*** The input ***

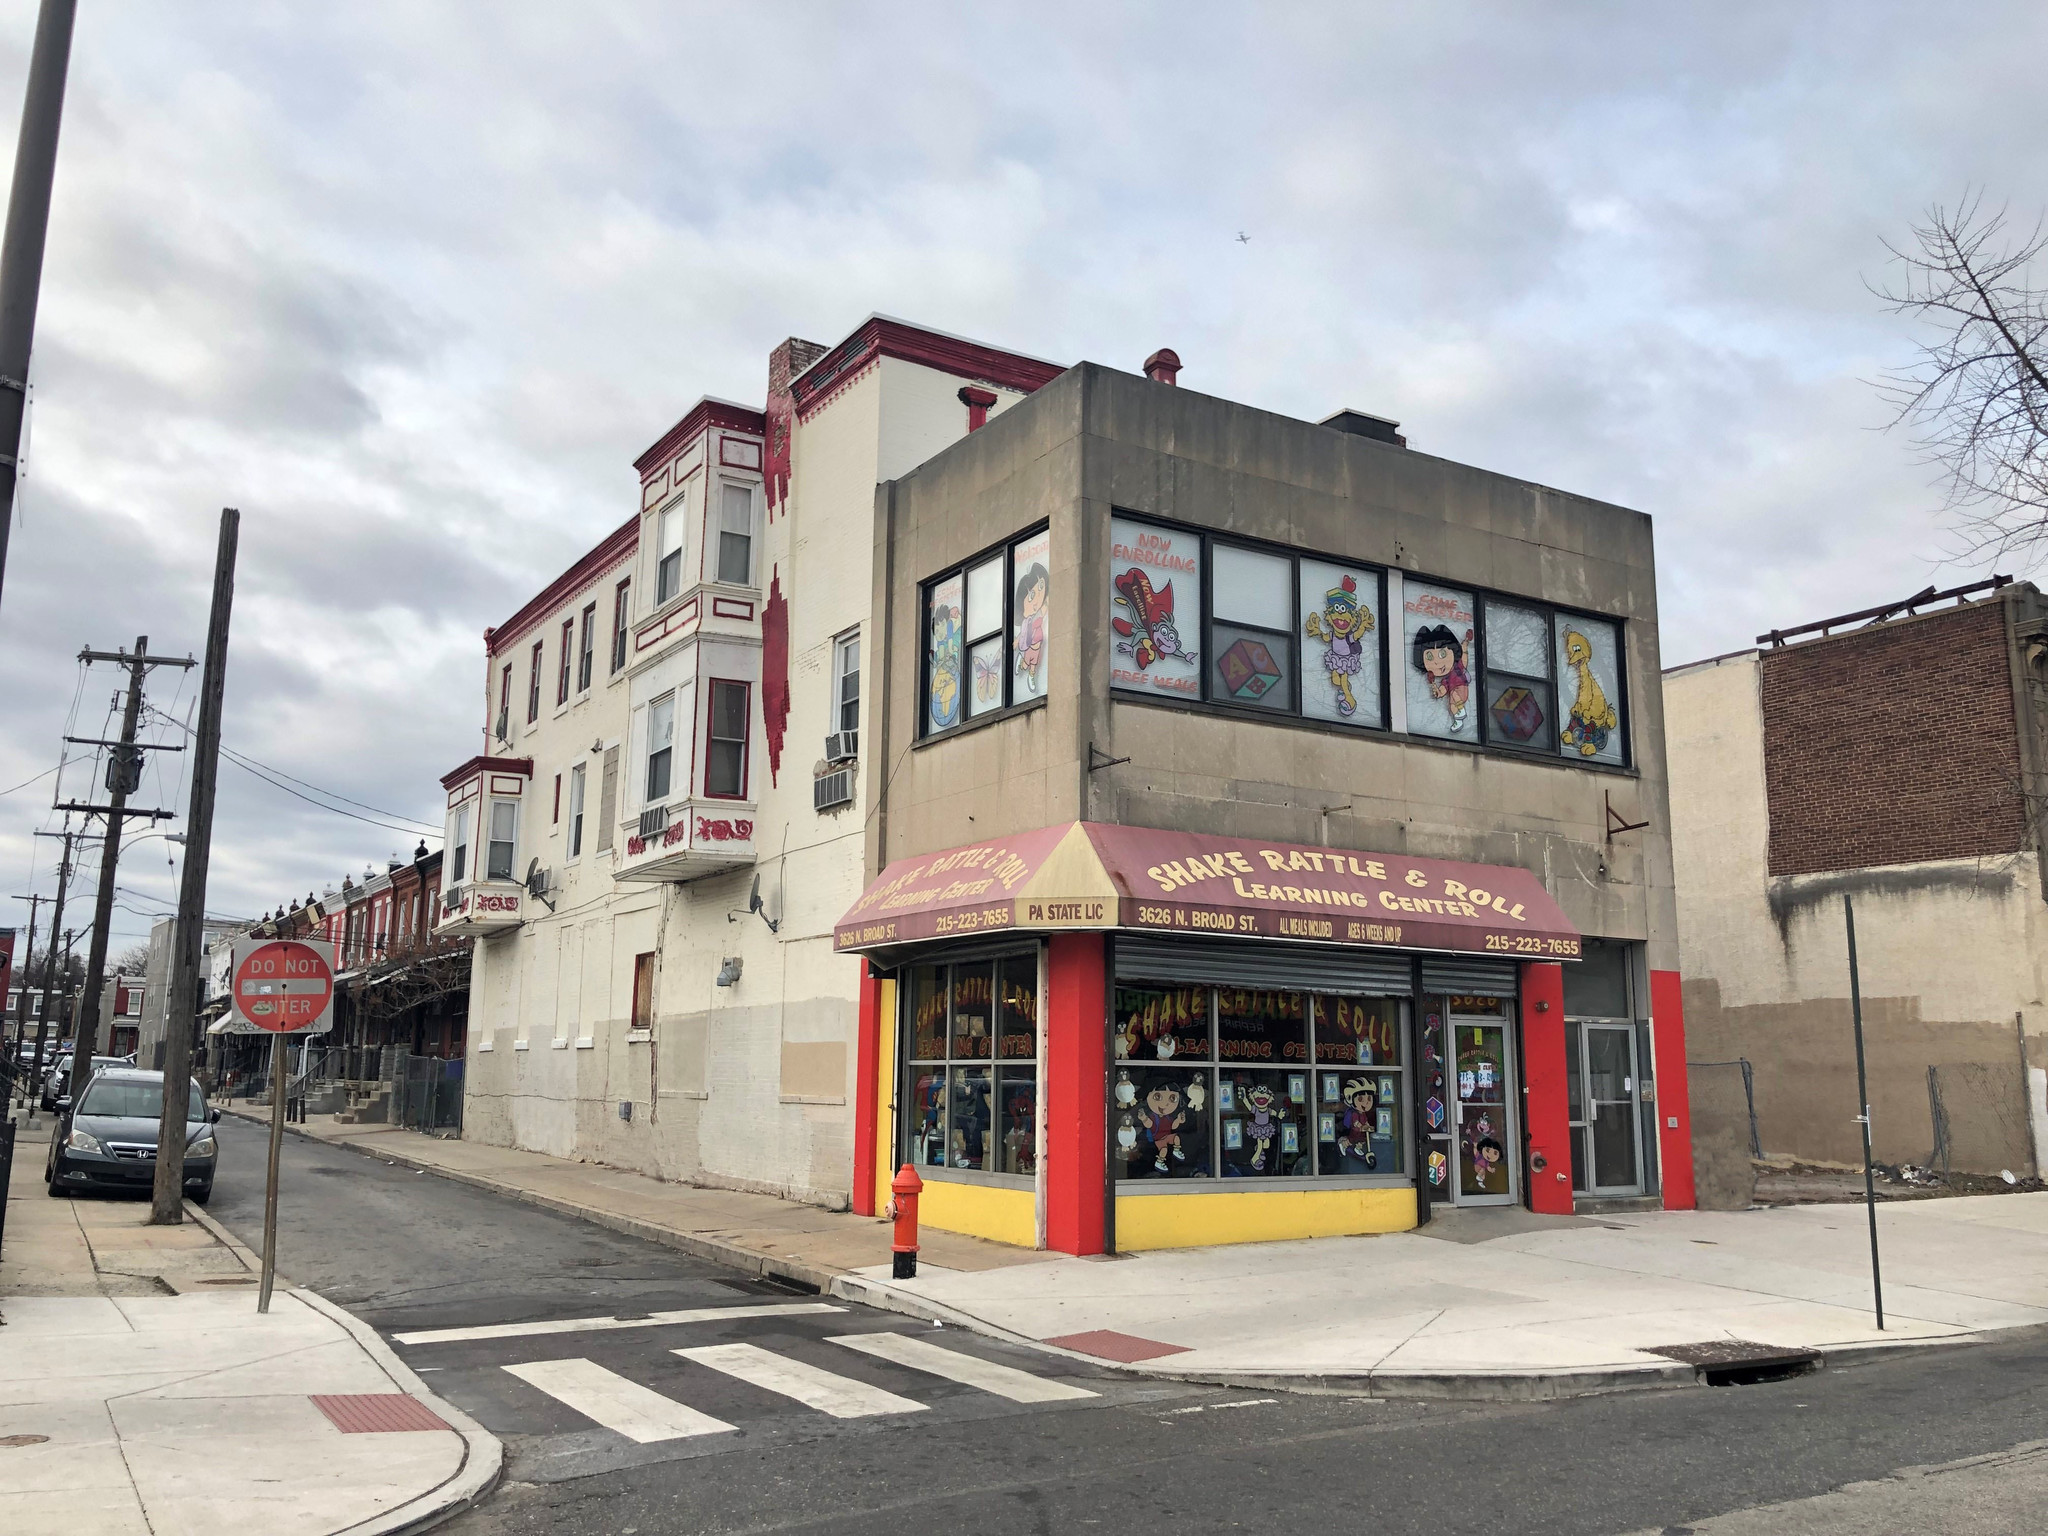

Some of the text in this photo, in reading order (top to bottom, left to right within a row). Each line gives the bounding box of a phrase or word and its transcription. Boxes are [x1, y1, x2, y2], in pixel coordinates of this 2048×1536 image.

[1138, 533, 1171, 551] NOW
[1113, 544, 1196, 573] ENROLLING
[1139, 578, 1154, 604] Now
[1420, 594, 1458, 609] COME
[1405, 601, 1473, 622] REGISTER
[1112, 668, 1198, 693] FREE MEALS
[852, 847, 1028, 916] SHAKE RATTLE & ROLL
[1147, 850, 1527, 922] SHAKE RATTLE & ROLL
[878, 878, 994, 911] LEARNING CENTER
[1233, 876, 1480, 919] LEARNING CENTER
[936, 907, 1009, 932] 215-223-7655
[1029, 903, 1103, 921] PA STATE LIC
[1138, 906, 1259, 931] 3626 N. BROAD ST.
[839, 923, 896, 947] 3626 N. BROAD ST.
[1280, 917, 1333, 938] ALL MEALS INCLUDED
[1348, 922, 1361, 939] AGES
[1366, 924, 1383, 941] WEEKS
[1384, 925, 1394, 942] AND
[1485, 934, 1579, 955] 215-223-7655
[251, 960, 319, 973] DO NOT
[1126, 986, 1205, 1054] SHAKE
[1337, 998, 1392, 1057] ROLL
[1173, 1036, 1273, 1058] LEARNING

***

> **Task instructions**: From the first record to the last, transcribe everything exactly but drop the pictures.

> **Written response**:
Some of the text in this photo, in reading order (top to bottom, left to right within a row). Each line gives the bounding box of a phrase or word and its transcription. Boxes are [x1, y1, x2, y2], in pixel coordinates of this 2048×1536 image.

[1138, 533, 1171, 551] NOW
[1113, 544, 1196, 573] ENROLLING
[1139, 578, 1154, 604] Now
[1420, 594, 1458, 609] COME
[1405, 601, 1473, 622] REGISTER
[1112, 668, 1198, 693] FREE MEALS
[852, 847, 1028, 916] SHAKE RATTLE & ROLL
[1147, 850, 1527, 922] SHAKE RATTLE & ROLL
[878, 878, 994, 911] LEARNING CENTER
[1233, 876, 1480, 919] LEARNING CENTER
[936, 907, 1009, 932] 215-223-7655
[1029, 903, 1103, 921] PA STATE LIC
[1138, 906, 1259, 931] 3626 N. BROAD ST.
[839, 923, 896, 947] 3626 N. BROAD ST.
[1280, 917, 1333, 938] ALL MEALS INCLUDED
[1348, 922, 1361, 939] AGES
[1366, 924, 1383, 941] WEEKS
[1384, 925, 1394, 942] AND
[1485, 934, 1579, 955] 215-223-7655
[251, 960, 319, 973] DO NOT
[1126, 986, 1205, 1054] SHAKE
[1337, 998, 1392, 1057] ROLL
[1173, 1036, 1273, 1058] LEARNING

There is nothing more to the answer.